- TASK PROMPT -
In the entries below, find the line with "this 1600×1045 image." and the line with "this 1200×1600 image.". Repeat exactly everything between them, those two lines included, but not the pictures.

- DATA IN THIS EXERCISE -
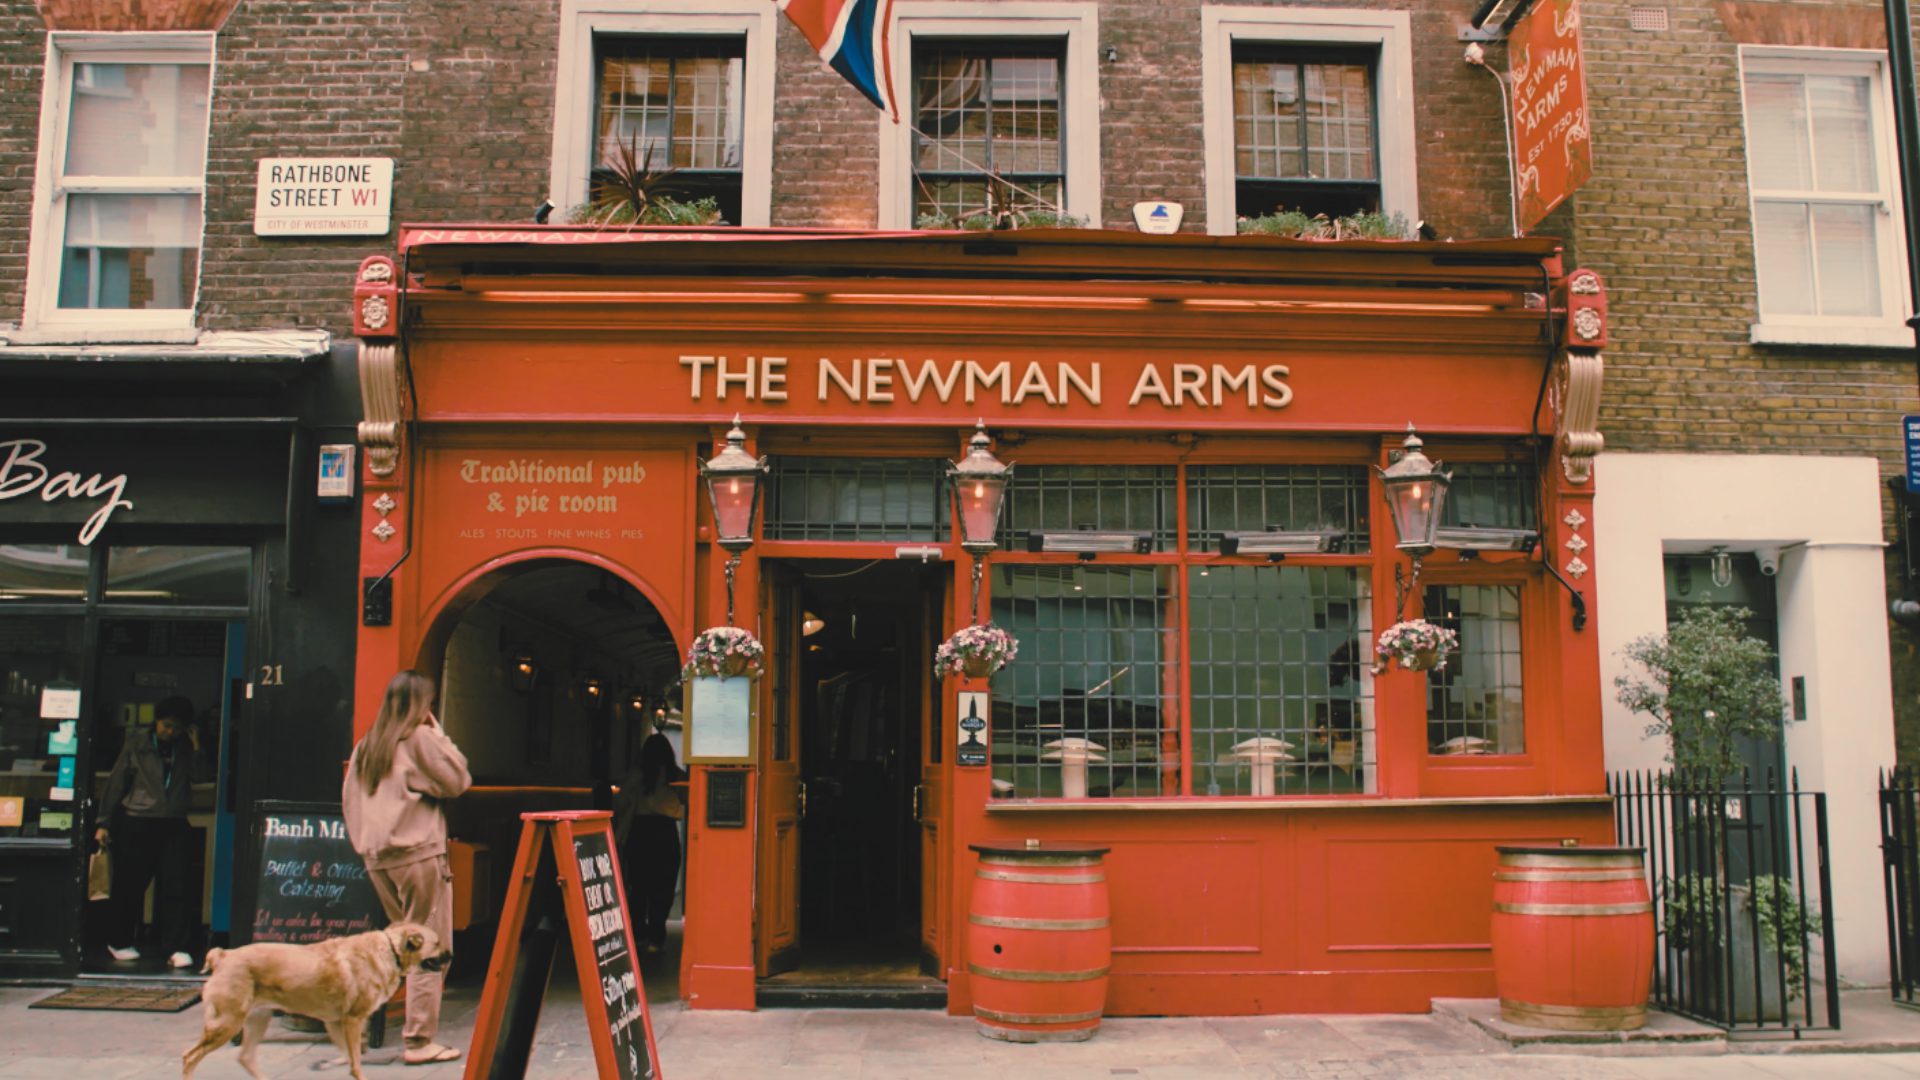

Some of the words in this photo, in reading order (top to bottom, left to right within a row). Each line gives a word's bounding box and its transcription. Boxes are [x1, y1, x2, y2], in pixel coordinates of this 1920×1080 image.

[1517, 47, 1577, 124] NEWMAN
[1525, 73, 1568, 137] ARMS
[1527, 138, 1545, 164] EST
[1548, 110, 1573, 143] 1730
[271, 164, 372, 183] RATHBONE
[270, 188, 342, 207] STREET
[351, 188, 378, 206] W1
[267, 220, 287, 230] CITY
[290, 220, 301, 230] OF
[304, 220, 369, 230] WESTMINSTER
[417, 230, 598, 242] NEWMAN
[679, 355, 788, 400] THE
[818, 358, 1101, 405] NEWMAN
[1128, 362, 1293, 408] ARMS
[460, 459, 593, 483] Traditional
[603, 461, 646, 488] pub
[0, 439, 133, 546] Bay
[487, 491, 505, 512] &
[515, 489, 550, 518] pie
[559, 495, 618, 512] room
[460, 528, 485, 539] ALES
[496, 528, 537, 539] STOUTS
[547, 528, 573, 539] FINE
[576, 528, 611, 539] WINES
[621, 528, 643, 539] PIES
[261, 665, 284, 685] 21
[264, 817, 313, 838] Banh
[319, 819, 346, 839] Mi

---

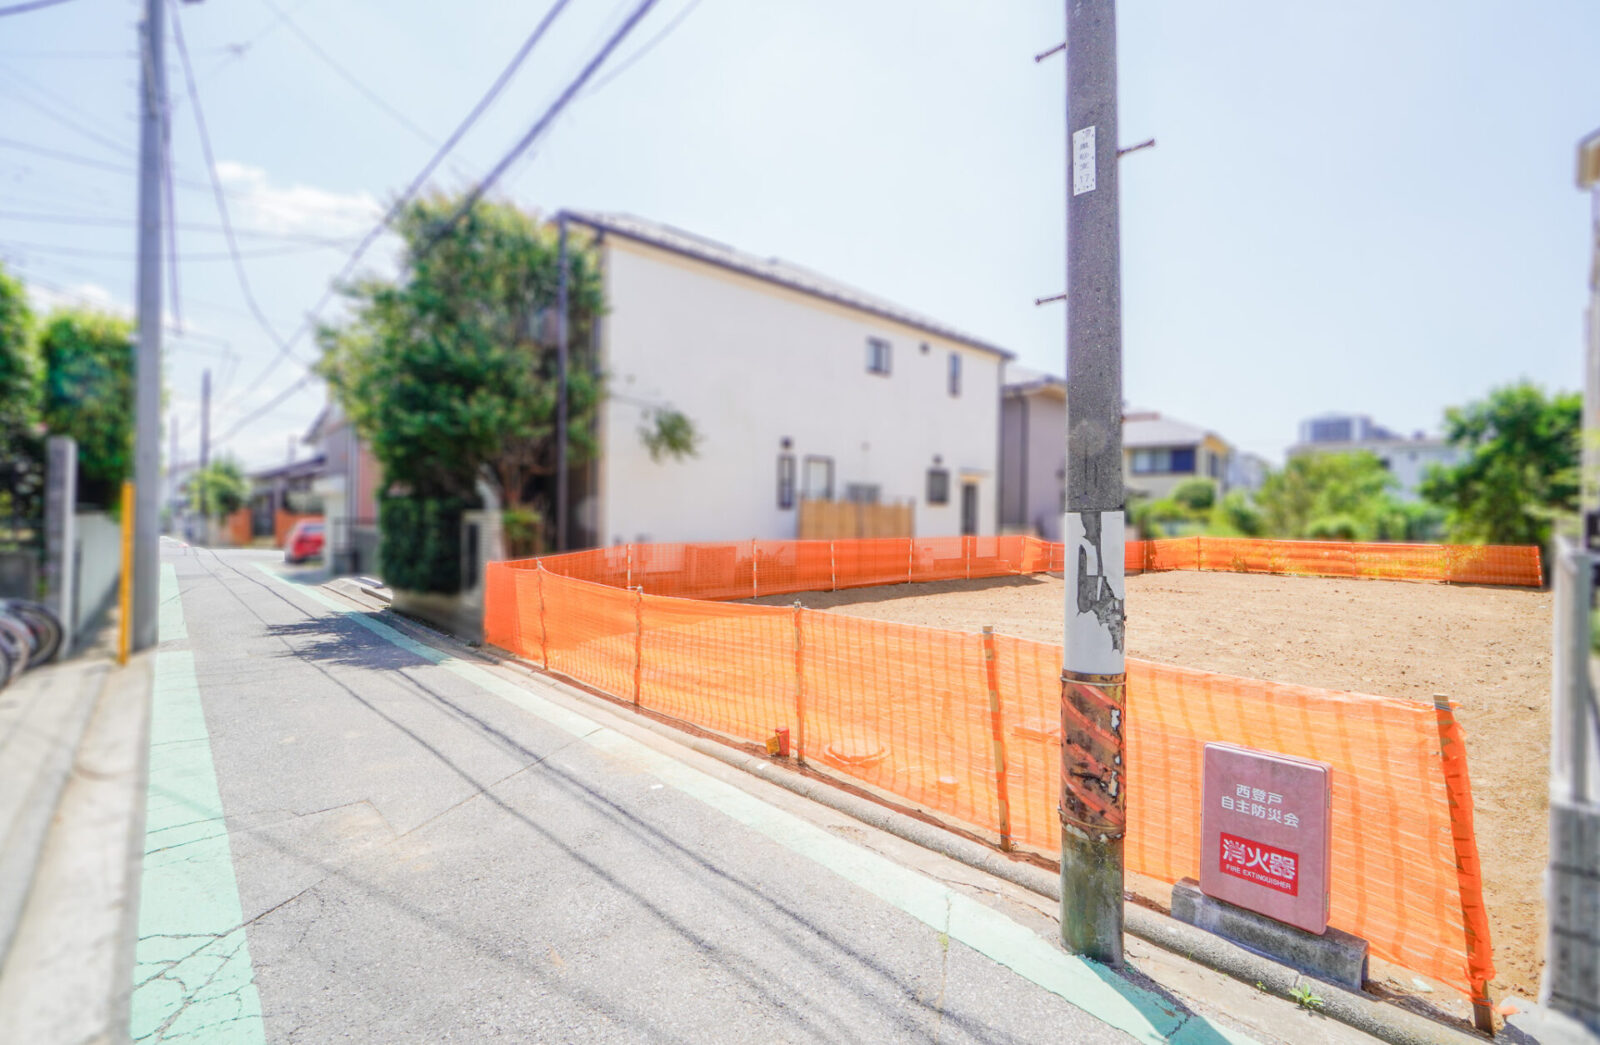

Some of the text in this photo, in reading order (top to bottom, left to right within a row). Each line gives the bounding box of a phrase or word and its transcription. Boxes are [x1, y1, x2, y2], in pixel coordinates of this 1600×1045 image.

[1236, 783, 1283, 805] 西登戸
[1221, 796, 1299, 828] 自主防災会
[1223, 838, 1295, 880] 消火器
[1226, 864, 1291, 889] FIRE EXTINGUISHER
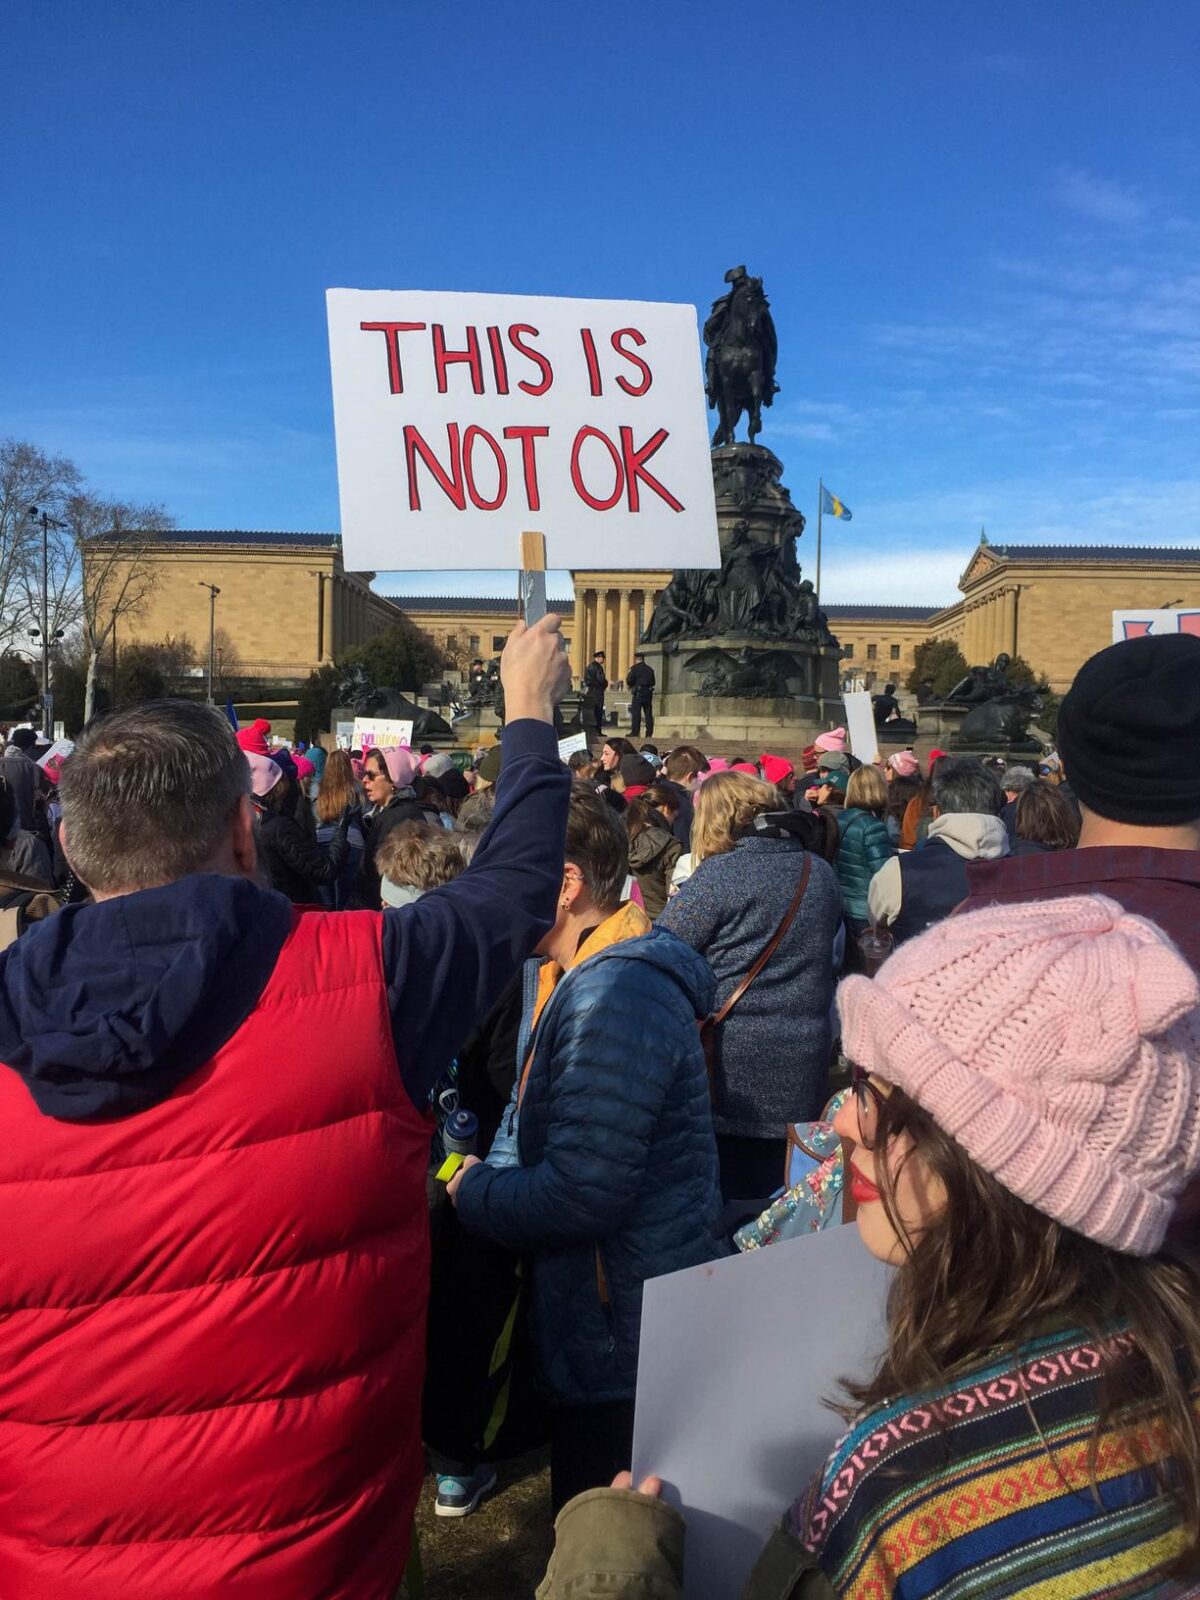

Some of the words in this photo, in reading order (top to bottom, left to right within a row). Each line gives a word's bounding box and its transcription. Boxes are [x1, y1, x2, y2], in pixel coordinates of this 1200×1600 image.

* * *

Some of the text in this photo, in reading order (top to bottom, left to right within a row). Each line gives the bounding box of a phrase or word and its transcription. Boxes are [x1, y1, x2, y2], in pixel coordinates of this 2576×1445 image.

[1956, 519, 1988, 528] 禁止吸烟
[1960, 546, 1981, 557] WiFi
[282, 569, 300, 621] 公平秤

- RESULT BELOW -
Some of the text in this photo, in reading order (top to bottom, left to right within a row). Each line gives the bounding box of a phrase or word and its transcription. Boxes are [x1, y1, x2, y2], in pixel coordinates of this 1600×1045 image.

[1236, 783, 1283, 805] 西登戸
[1221, 796, 1299, 828] 自主防災会
[1223, 838, 1295, 880] 消火器
[1226, 864, 1291, 889] FIRE EXTINGUISHER

Some of the words in this photo, in reading order (top to bottom, left to right within a row). Each line gives a word's bounding box and its transcription. Boxes are [x1, y1, x2, y2], in pixel coordinates of this 1200×1600 image.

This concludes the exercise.